Task to carry out
After locating the line with "Some of the words" in the records below, print it and every line after it exactly.

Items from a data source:

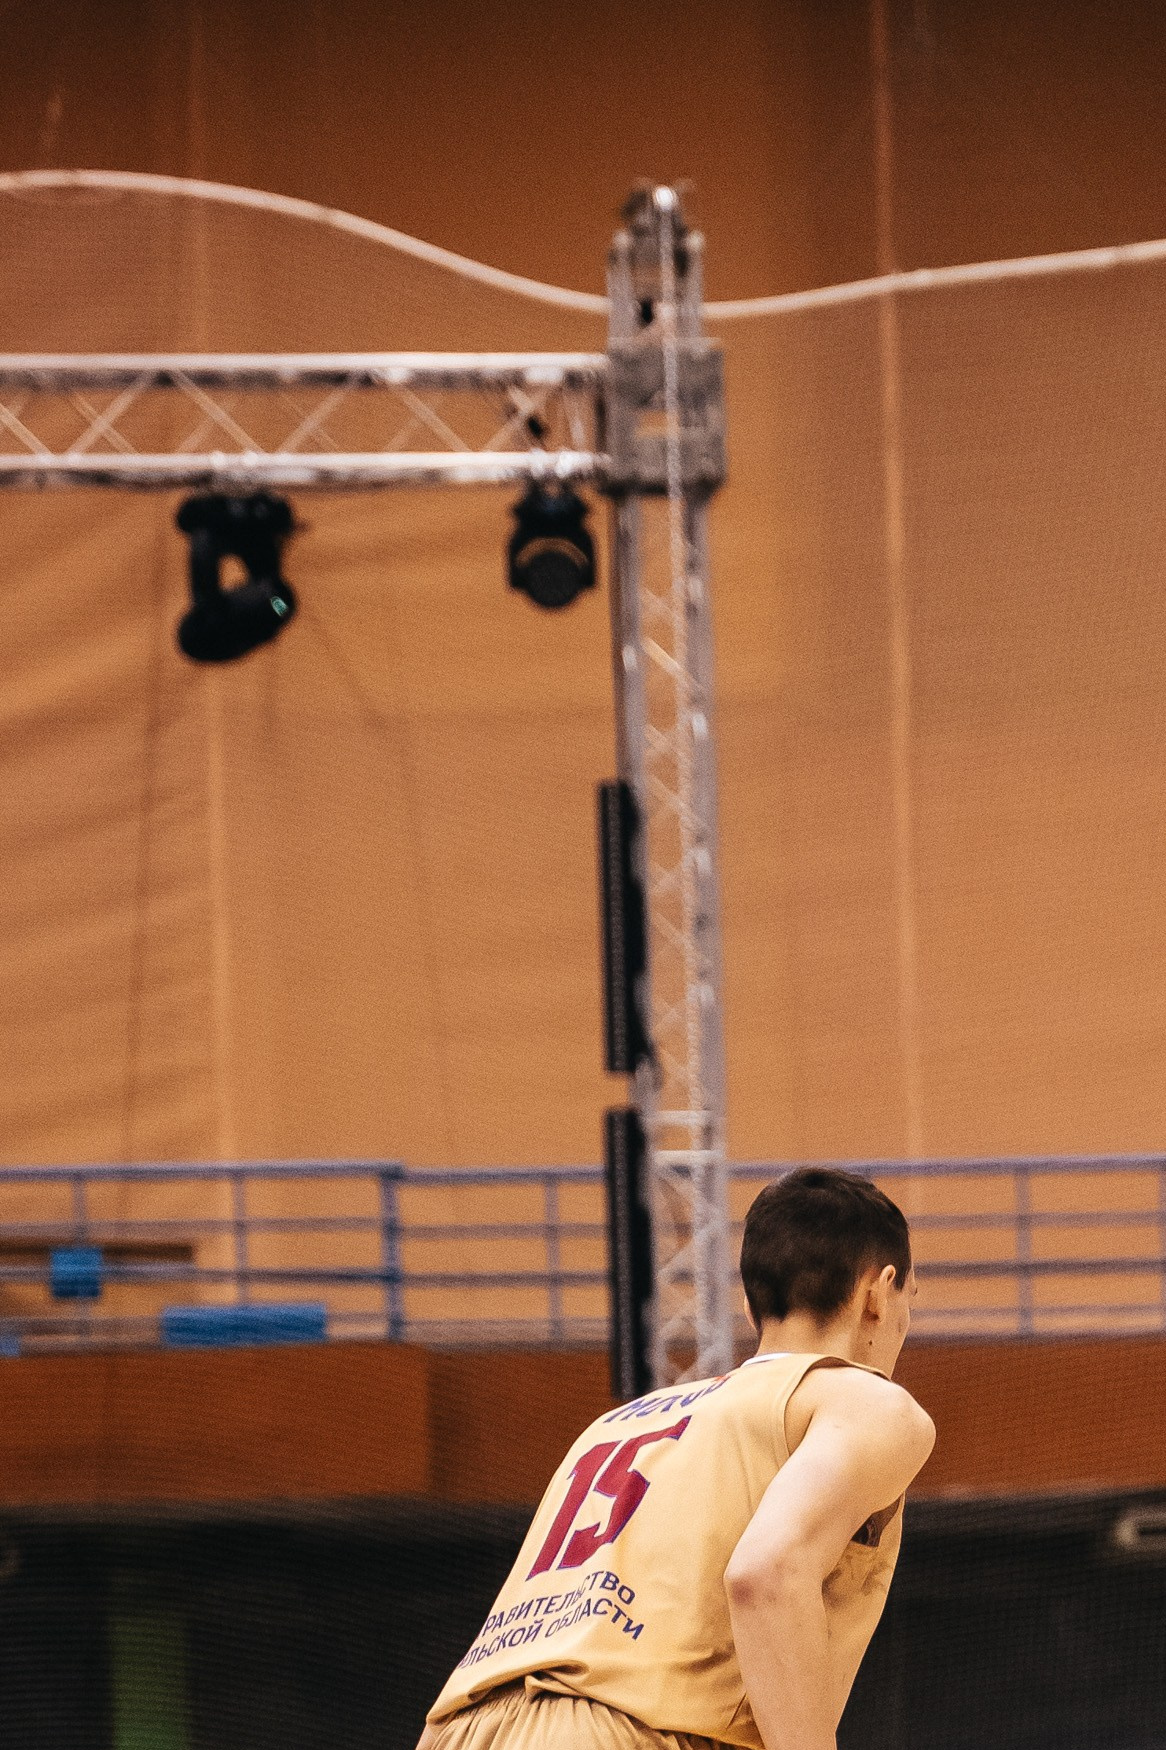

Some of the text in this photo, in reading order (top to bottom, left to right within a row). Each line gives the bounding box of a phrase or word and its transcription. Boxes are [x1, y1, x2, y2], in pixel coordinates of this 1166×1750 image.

[525, 1415, 692, 1582] 15
[457, 1598, 645, 1669] ЛЬСКОЙ ОБЛАСТИ
[482, 1571, 636, 1637] РАВИТЕЛЬСТВО
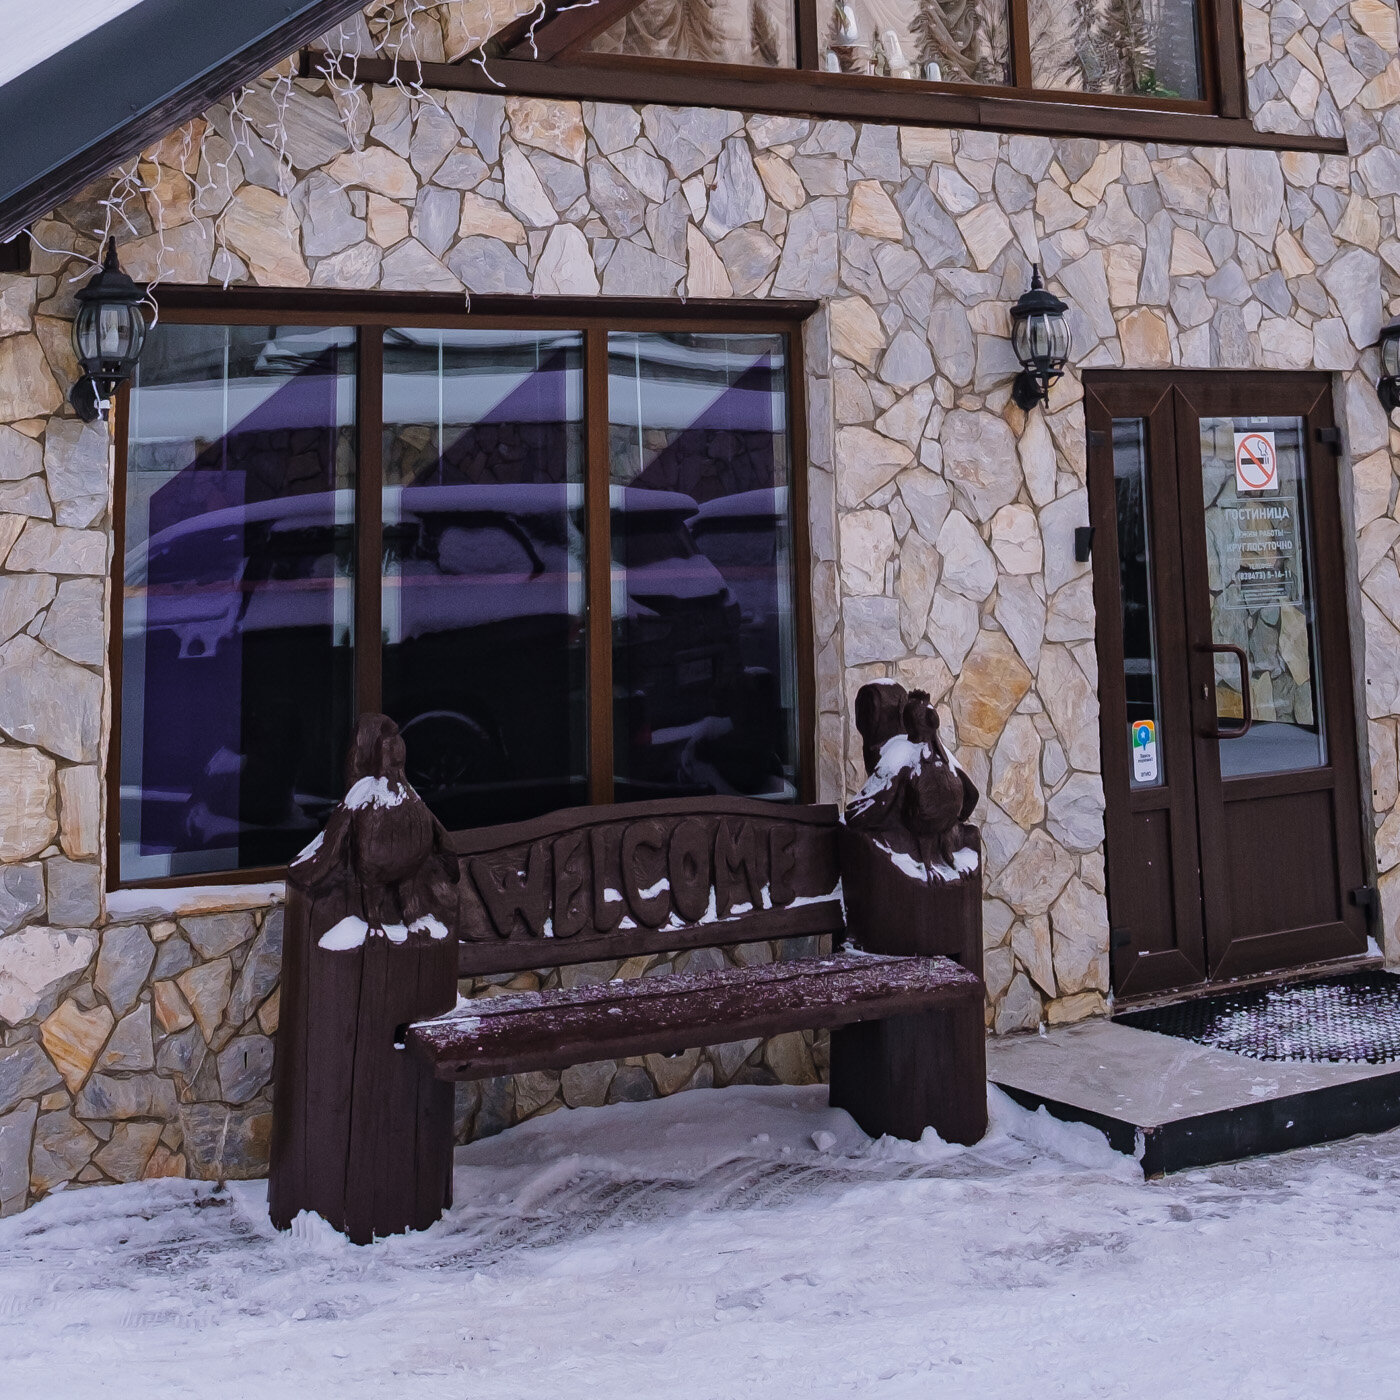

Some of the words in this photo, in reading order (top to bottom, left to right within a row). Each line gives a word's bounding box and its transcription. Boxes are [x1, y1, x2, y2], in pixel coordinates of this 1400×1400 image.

[1225, 506, 1290, 521] ГОСТИНИЦА
[1226, 540, 1293, 553] КРУГЛОСУТОЧНО
[468, 818, 797, 939] WELCOME

Result
Some of the words in this photo, in reading order (top to bottom, left to right within a row). Each line gives a word's bounding box and its transcription. Boxes are [x1, y1, x2, y2], in pixel coordinates of this 1400×1400 image.

[1225, 506, 1290, 521] ГОСТИНИЦА
[1226, 540, 1293, 553] КРУГЛОСУТОЧНО
[468, 818, 797, 939] WELCOME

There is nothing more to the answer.